Small calibre gun barrels are mostly made from a Cr-Mo base (AISI 4140 and AISI 4150). The most commonly required mechanical properties are approximately: 800 - 1 000 MPa. Other grades based on the 32CrMoV12-10 grade have been developed for more severe applications. In military weapons in particular, 3% Cr-Mo-V grades have been developed. Strength varies relatively widely, from 1,000 to 1,500 MPa. At this level of strength, high toughness must be achieved, usually 40 Joules at - 40 °C. If toughness is too low, the barrel could burst. To give an optimum response to this demand, Aubert & Duval designed a new steel grade called ARMAD

CHEMICAL COMPOSITION

ARMAD’s chemical composition remains based on a 3% Cr, GKH® steel, i.e. 0.3% C – 3% Cr – 1% Mo – 0.3% V. (GKH®: steel developed by Aubert & Duval and used for the FAMAS assault rifle barrel).

The technical improvements in this grade are:

• Very high purity, due to furnace loading quality control,

• Very low phosphorous and sulfur content, due to melting process

Aubert & Duval has specific know-how in alloy melting. Maximum phosphorus content is far below 50 ppm and sulfur is less than 5 ppm. Phosphorus is removed during the electric furnace melting phase. Process control and relevant electric furnace technology enable Aubert & Duval to limit phosphorus pick-up during transfer to the refining stand. The choice of high-purity ferroalloys for final blending also limits phosphorus pick-up during the refining process. Sulfur is removed during the heated ladle refining stage + tank degassing (pressure <1 mBar).
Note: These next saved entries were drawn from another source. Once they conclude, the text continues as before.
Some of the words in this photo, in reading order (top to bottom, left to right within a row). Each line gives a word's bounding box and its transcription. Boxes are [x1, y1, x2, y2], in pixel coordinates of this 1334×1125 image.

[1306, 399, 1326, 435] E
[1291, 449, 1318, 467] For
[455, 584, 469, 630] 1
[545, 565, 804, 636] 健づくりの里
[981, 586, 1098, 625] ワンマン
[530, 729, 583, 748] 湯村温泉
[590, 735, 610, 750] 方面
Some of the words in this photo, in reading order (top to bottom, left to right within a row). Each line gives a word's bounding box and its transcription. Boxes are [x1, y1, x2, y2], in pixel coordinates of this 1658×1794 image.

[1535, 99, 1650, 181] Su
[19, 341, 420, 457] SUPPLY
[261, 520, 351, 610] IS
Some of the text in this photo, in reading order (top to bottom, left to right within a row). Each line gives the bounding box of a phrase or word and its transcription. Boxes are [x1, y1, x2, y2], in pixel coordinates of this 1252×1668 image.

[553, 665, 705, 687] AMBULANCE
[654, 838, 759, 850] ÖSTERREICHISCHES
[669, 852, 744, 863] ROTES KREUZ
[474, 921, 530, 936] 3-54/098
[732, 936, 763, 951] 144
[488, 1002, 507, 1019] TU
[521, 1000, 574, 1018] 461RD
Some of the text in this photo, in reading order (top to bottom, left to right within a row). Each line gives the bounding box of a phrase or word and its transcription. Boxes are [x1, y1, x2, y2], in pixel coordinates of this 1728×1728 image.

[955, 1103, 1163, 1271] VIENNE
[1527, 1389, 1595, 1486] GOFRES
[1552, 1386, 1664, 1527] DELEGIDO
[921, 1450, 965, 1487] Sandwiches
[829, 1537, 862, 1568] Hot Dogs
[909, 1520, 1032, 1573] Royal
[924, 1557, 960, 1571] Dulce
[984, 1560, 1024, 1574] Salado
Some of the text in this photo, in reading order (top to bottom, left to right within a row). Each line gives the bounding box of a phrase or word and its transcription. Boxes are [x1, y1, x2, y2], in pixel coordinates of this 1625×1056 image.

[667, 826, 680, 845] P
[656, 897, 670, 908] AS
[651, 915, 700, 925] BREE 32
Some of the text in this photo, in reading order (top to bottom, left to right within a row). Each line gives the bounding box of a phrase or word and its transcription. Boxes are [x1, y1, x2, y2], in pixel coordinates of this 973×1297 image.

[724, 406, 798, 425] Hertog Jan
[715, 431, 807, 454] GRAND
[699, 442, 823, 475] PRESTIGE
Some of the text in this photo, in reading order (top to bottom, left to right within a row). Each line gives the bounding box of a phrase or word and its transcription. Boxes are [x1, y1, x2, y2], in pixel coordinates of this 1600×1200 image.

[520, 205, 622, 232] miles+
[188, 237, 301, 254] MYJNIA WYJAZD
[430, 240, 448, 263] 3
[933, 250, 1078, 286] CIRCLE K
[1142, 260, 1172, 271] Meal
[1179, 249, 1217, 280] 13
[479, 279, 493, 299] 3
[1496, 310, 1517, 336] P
Aubert & Duval’s know-how enables it to reach sulfur content standards below 5 ppm,

• Higher molybdenum content, around 1%. This content is adjusted by the steelmaker during the refining operation using ferroalloys according to the specifications for the grade. Molybdenum improves mechanical properties after quenching and tempering heat treatment. It increases the steel’s hardenability. This element precipitates at temperatures close to 600° C,

• Lower silicon and manganese content than standard for alloyed steels. Si and Mn content result from specific know-how relating to the reduction process during the refining phase, due to control of oxidation in the electric furnace. The combination of the two elements significantly improves the balance between strength and toughness.

Our studies show that the combined limitation results in fine precipitated particles after quenching, particularly for (Fe3C, Cr23C6, VC, MoC2) type carbides.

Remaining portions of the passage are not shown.